■ **To do**: All of the data should be restated word for word, with the pictures omitted.

┄┄┄┄┄┄┄┄┄┄

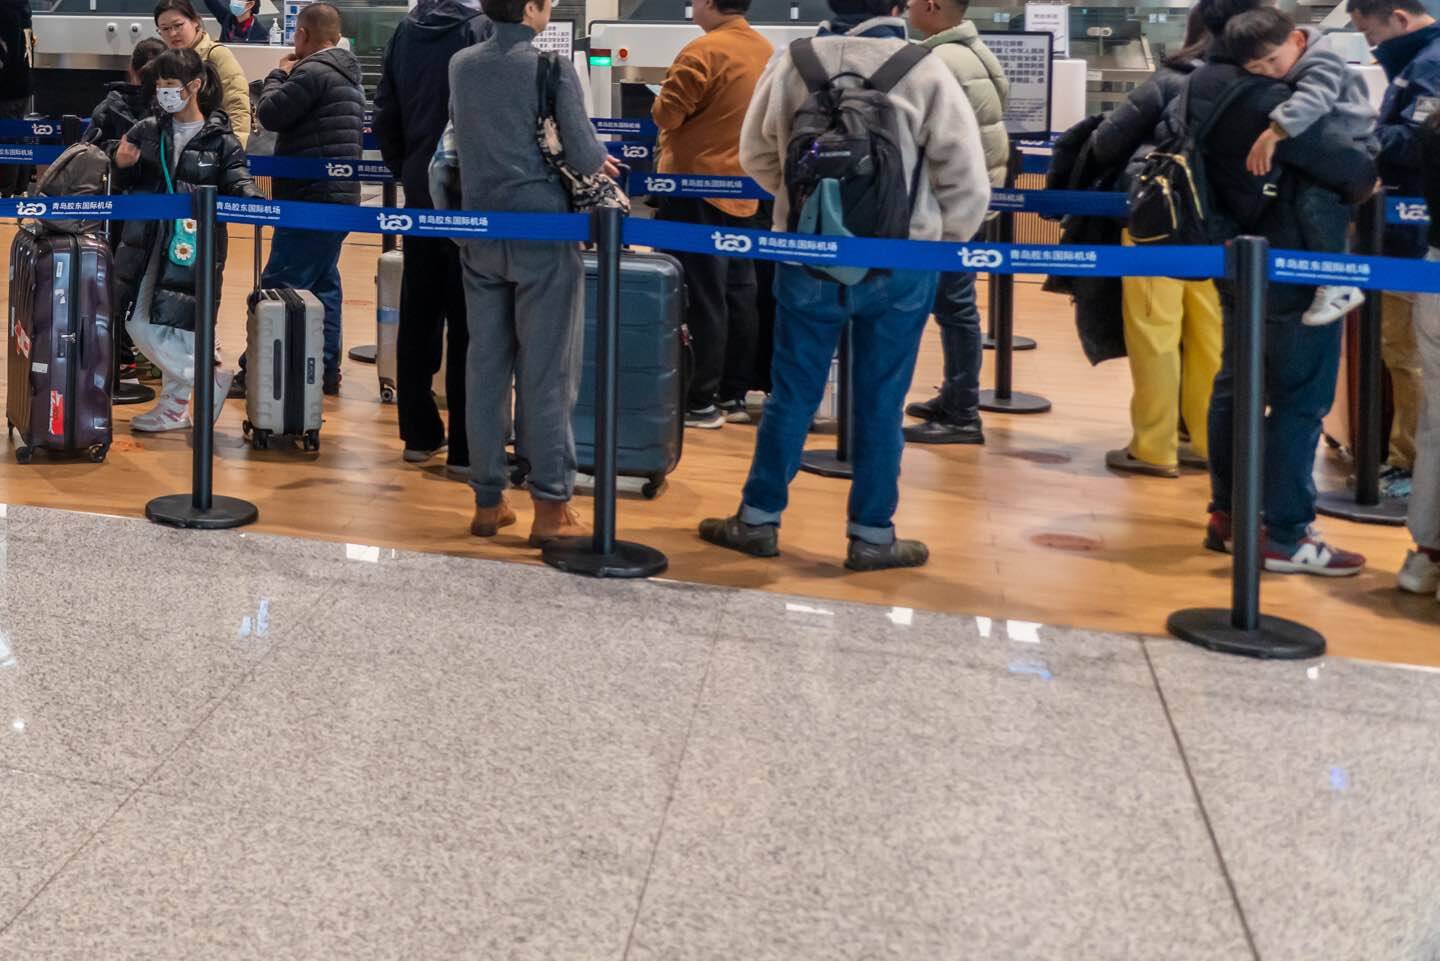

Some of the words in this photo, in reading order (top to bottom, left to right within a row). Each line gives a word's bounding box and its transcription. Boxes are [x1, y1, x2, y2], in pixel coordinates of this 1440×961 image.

[325, 162, 353, 177] tao
[645, 177, 676, 192] tao
[16, 201, 47, 216] tao
[376, 212, 413, 231] tao
[711, 231, 752, 253] tao
[956, 246, 1003, 268] tao
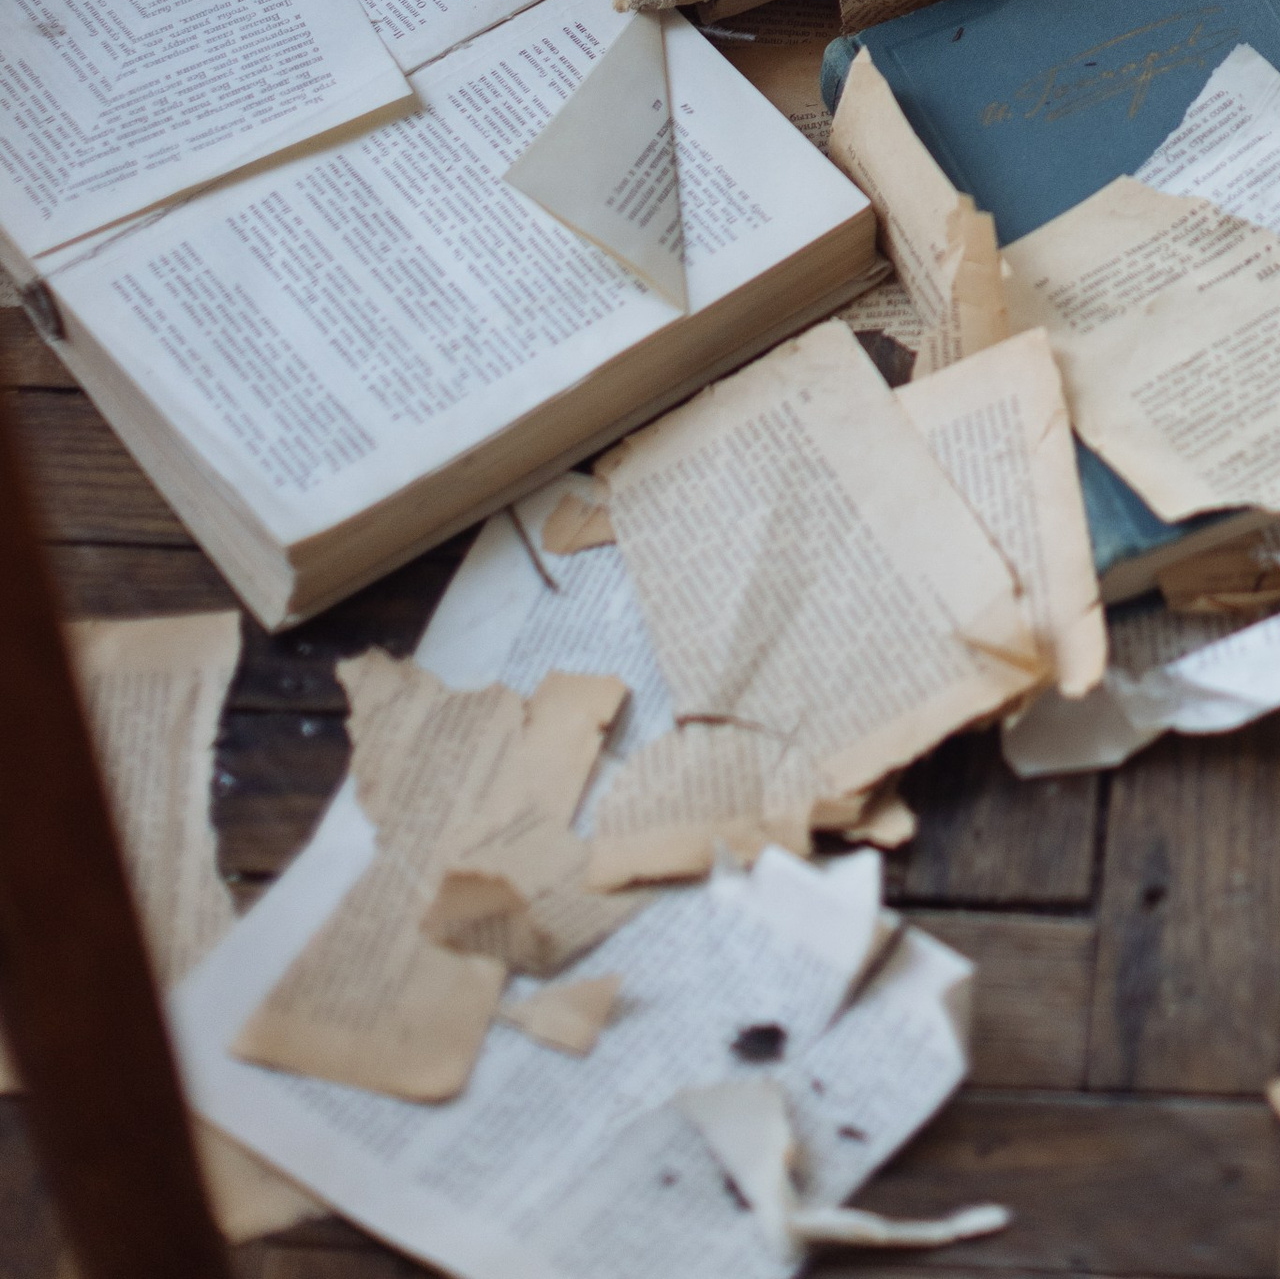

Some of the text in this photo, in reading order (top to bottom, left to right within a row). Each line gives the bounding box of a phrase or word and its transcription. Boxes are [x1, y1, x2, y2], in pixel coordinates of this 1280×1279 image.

[202, 11, 257, 35] сбивались
[161, 33, 198, 52] вокруг
[241, 29, 311, 60] болезненный

┄┄┄┄┄┄┄┄┄┄

■ **Solved exercise**:
Some of the words in this photo, in reading order (top to bottom, left to right within a row). Each line gives a word's bounding box and its transcription. Boxes are [x1, y1, x2, y2], in pixel coordinates of this 1440×961 image.

[325, 162, 353, 177] tao
[645, 177, 676, 192] tao
[16, 201, 47, 216] tao
[376, 212, 413, 231] tao
[711, 231, 752, 253] tao
[956, 246, 1003, 268] tao

Some of the text in this photo, in reading order (top to bottom, left to right within a row). Each line gives the bounding box of a phrase or word and its transcription. Boxes are [x1, y1, x2, y2], in pixel coordinates of this 1280×1279 image.

[202, 11, 257, 35] сбивались
[161, 33, 198, 52] вокруг
[241, 29, 311, 60] болезненный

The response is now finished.